C3 Commentary: Welcome to VRMville!

The first Conversational Commerce Conference (C3) is history. I’m grateful to all attendees and panelists for engaging in a series of thoughtful and thought-provoking (ahem) conversations. For a very good summary (including a pointer to the Chirpstory site featuring a stream of tweets with the #C32011 hastag), read this post by TheSocialCustomer’s Lou DuBois.

Here are my major take-aways.

1) Conversational Commerce shatters silos that separate PR and Marketing from Customer Care, Sales, Product Management and even Development. This creates the opportunity to build closed circle or virtuous cycle whereby companies foster loyalty by being truly responsive to the needs of their customers. Conversely, customers become promoters or advocates because they find the companies to be responsive.
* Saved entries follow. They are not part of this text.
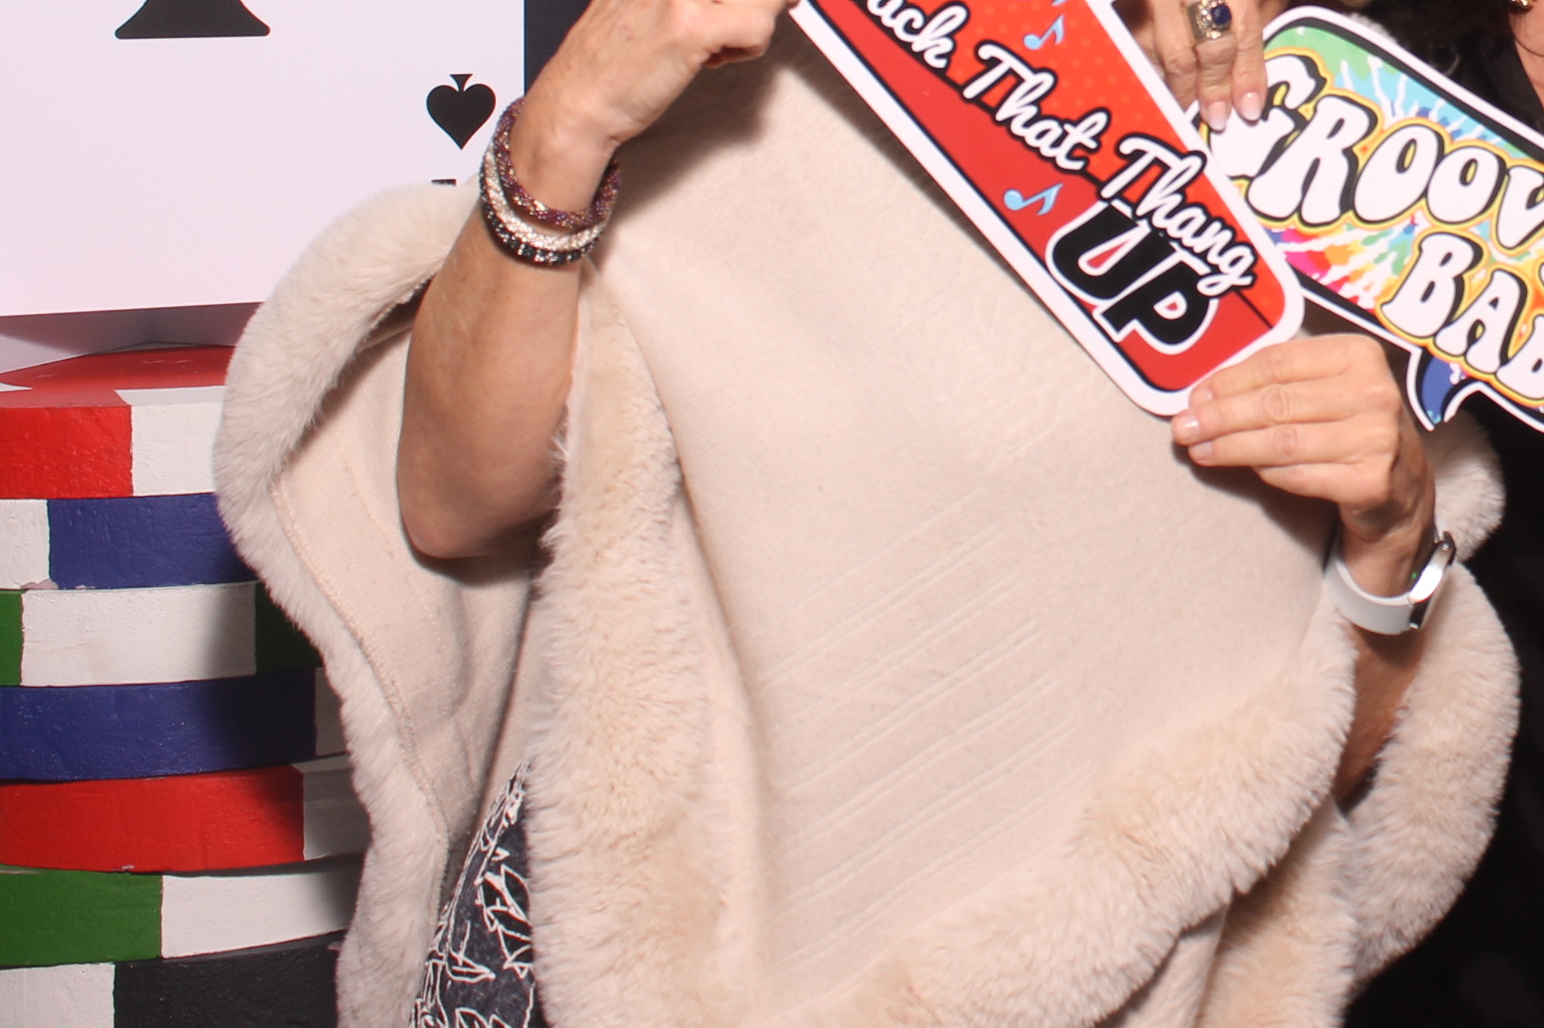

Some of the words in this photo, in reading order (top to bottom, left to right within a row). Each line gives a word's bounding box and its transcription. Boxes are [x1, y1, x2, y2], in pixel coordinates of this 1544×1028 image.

[962, 44, 1108, 171] That
[1099, 136, 1255, 297] Thang
[1046, 198, 1220, 354] UP
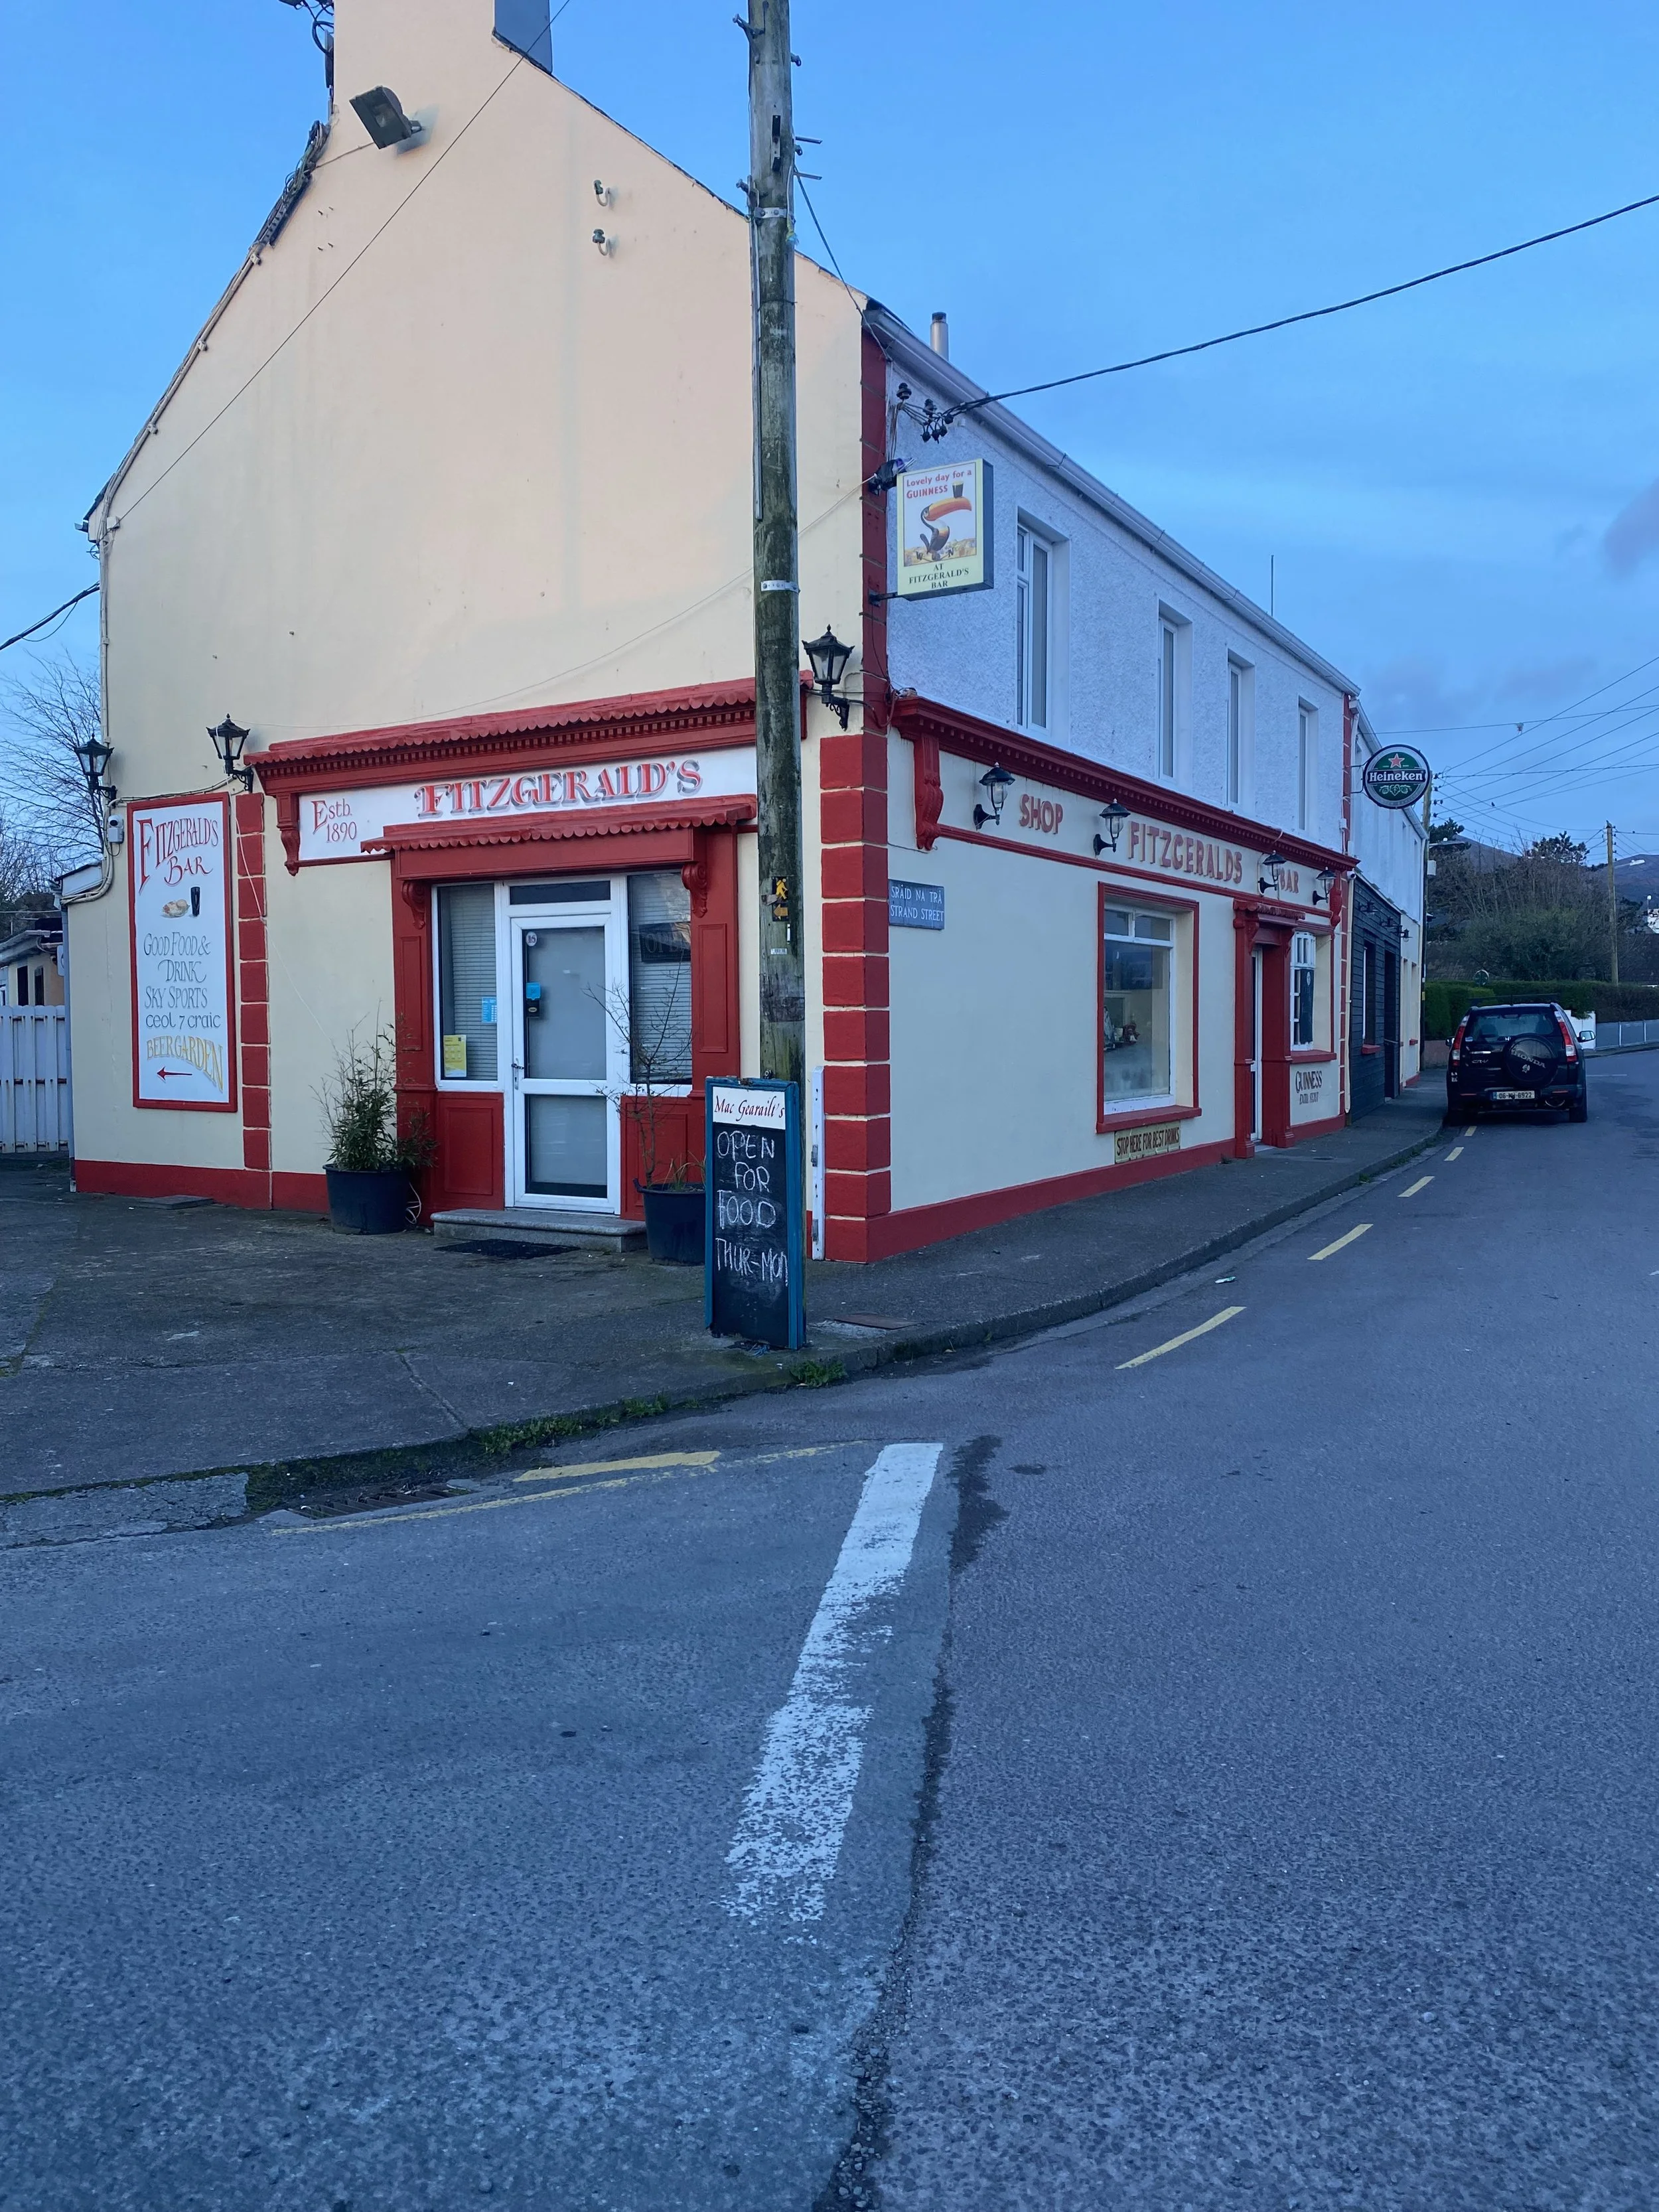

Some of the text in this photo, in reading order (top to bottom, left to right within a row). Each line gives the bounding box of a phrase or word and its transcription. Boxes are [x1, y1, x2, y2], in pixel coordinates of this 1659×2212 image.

[906, 475, 932, 487] Lovely
[936, 473, 950, 482] day
[952, 470, 964, 479] for
[906, 484, 948, 499] GUINNESS
[909, 567, 969, 584] FITZGERALD'S
[414, 759, 701, 819] FITZGERALD'S
[1369, 771, 1423, 782] Heineken
[311, 798, 352, 835] Estb.
[1019, 794, 1063, 835] SHOP
[326, 821, 357, 844] 1890
[136, 818, 219, 894] FITZGERALD'S
[164, 855, 214, 886] BAR
[1279, 867, 1299, 894] BAR
[916, 889, 925, 902] NA
[891, 905, 944, 922] STRAND STREET
[143, 931, 211, 956] GOOD FOOD &
[157, 959, 207, 984] DRINK
[145, 985, 208, 1009] SKY SPORTS
[145, 1011, 176, 1028] ceol
[187, 1011, 221, 1029] craic
[147, 1035, 224, 1094] BEER GARDEN
[1512, 1049, 1546, 1069] HONDA
[714, 1095, 785, 1122] Mac Gearailt's
[717, 1130, 775, 1161] OPEN
[1117, 1136, 1129, 1156] STOP
[1129, 1134, 1141, 1153] HERE
[1142, 1132, 1152, 1150] FOR
[1152, 1130, 1164, 1149] BEST
[735, 1161, 770, 1193] FOR
[717, 1189, 776, 1230] FOOD
2) The move to Conversational Commerce is transformational, disruptive and embryonic. That makes it formless, shapeless, malleable and so very, very full of potential. Because we humans tend to map concepts to the things we already understand, we’ve more than once characterized the combination of CRM and Social CRM as “CRM on steroids.” It is that locked-down, back-end database with access to metadata generated by people in the course of their online and offline activity. CRM systems now know a person’s location, recent activities (uploads to Facebook, check-ins on FourSquare, or search histories from Google), AND THEY’RE NOT AFRAID TO USE IT.

Adding VRM (Vendor Relationship Management) to the picture adds a more “user-centric” set of possibilities. Each person who generates all this metadata is also given adequate means to control release of the data or to attach terms and conditions governing how and to whom the information can be released. That’s where companies like Sing.ly and its closely related Locker Project come into play.

3) Point 2 suggests that there are two distinct perspectives on Conversational Commerce: Centralized, locked down CRM under the control of CRM systems, credit bureaus and other 3rd parties in contrast to the decentralized, user controlled “personal data repositories” that make up a personal data ecosystem (PDE), which are under control of individuals and their agents. The PDE is one of the precursors to true Vendor Relationship Management (VRM), the concept originated by Doc Searls to capture the idea that individuals (be the searchers, browsers, prospects, shoppers or customers) will be able to engage with companies according to their own terms and conditions. At C3 we definitively determined that CRM and VRM benefit from one another. It is not an “either/or” situation. Rather we all benefit by a “both/and” approach.

I found the last panel at C3 to be inspirational and energizing. It featured Drummond Reed, whose personal data management start-up is soon to come out of “stealth” mode; Anders Jones of RapLeaf, a company with a working business model for aggregating and managing personal data; Alisa Leonard, who, in addition to working for iCrossing, is the Communications Chair for the DataPortability Project; Mark Plakias, VP Strategy at Orange-SF; and Tatyana Kanzaveli, CEO of Social CRM World. There were definite differences of opinion surrounding the role of 3rd parties [no mention of “4th parties”… yet] in handling or controlling personal data and metadata,

A chain of observations emerged from the panel: “Users are basically passive,” when it comes to taking charge of their own data (as well as profile info). Tatyana Kanzaveli noted that customers should be fed up with receivingirrelevant offers from merchants use faulty targeting assumptions based on inaccurate data. Anders Jones responded by saying that business model can be built on aggregating personal data and making its management transparent for the folks that actively or passively generate it. Alisa Leonard asserted that, even with transparency a good deal of education will be required. At this point, Drummond Reed explained that education hasn’t worked and that we need something very “engaging” to make it worth their while. In his words, “It’s not going to happen to preserve privacy, it’s going to happen based on providing value.”

The answer, ultimately, will be to bring some game-like qualities (as well as perceived value) into the PDE (personal data ecosystem). As Mark Plakias also asserted: “If people can do Farmville, they should be able to do their own personal cloud.” That’s why we’re treating C3 as the starting point for some very important thought leadership. Lest, quoting Mark Plakias once more, “we see our success recede farther into the future.”